Data
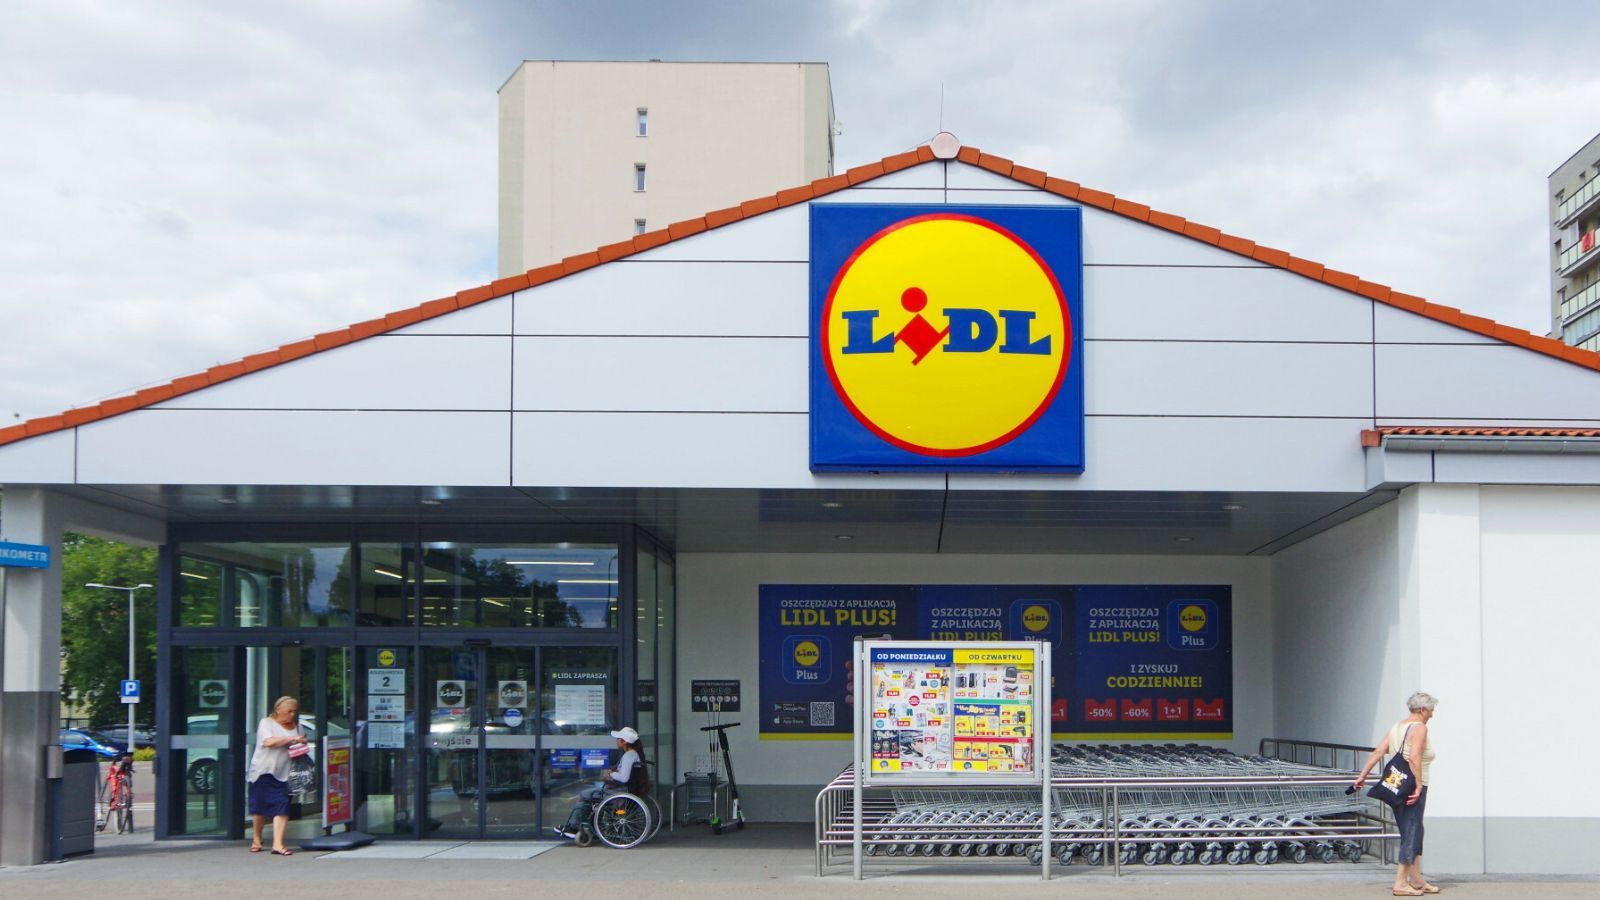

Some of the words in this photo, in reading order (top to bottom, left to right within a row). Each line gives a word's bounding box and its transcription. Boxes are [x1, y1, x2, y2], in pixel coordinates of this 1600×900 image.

[780, 599, 838, 609] OSZCZĘDZAJ
[840, 599, 845, 608] Z
[846, 599, 897, 609] APLIKACJĄ
[780, 609, 831, 626] LIDL
[835, 609, 897, 626] PLUS!
[931, 607, 1002, 619] OSZCZĘDZAJ
[1089, 607, 1160, 619] OSZCZĘDZAJ
[931, 619, 939, 629] Z
[940, 619, 1002, 630] APLIKACJĄ
[1089, 619, 1097, 629] Z
[1098, 619, 1160, 630] APLIKACJĄ
[931, 631, 961, 641] LIDL
[1089, 631, 1121, 642] LIDL
[1122, 631, 1160, 642] PLUS!
[1181, 635, 1205, 646] Plus
[1130, 664, 1136, 673] I
[1138, 664, 1178, 673] ZYSKUJ
[796, 670, 818, 680] Plus
[382, 676, 391, 687] 2
[1107, 675, 1203, 688] CODZIENNIE!
[125, 682, 137, 695] P
[1089, 708, 1113, 717] -50%
[1124, 708, 1149, 717] -60%

Exercise brief
Go through the records above and write out every line exactly, passing over the pictures.

Answer box
Some of the words in this photo, in reading order (top to bottom, left to right within a row). Each line gives a word's bounding box and its transcription. Boxes are [x1, y1, x2, y2], in pixel coordinates of this 1600×900 image.

[780, 599, 838, 609] OSZCZĘDZAJ
[840, 599, 845, 608] Z
[846, 599, 897, 609] APLIKACJĄ
[780, 609, 831, 626] LIDL
[835, 609, 897, 626] PLUS!
[931, 607, 1002, 619] OSZCZĘDZAJ
[1089, 607, 1160, 619] OSZCZĘDZAJ
[931, 619, 939, 629] Z
[940, 619, 1002, 630] APLIKACJĄ
[1089, 619, 1097, 629] Z
[1098, 619, 1160, 630] APLIKACJĄ
[931, 631, 961, 641] LIDL
[1089, 631, 1121, 642] LIDL
[1122, 631, 1160, 642] PLUS!
[1181, 635, 1205, 646] Plus
[1130, 664, 1136, 673] I
[1138, 664, 1178, 673] ZYSKUJ
[796, 670, 818, 680] Plus
[382, 676, 391, 687] 2
[1107, 675, 1203, 688] CODZIENNIE!
[125, 682, 137, 695] P
[1089, 708, 1113, 717] -50%
[1124, 708, 1149, 717] -60%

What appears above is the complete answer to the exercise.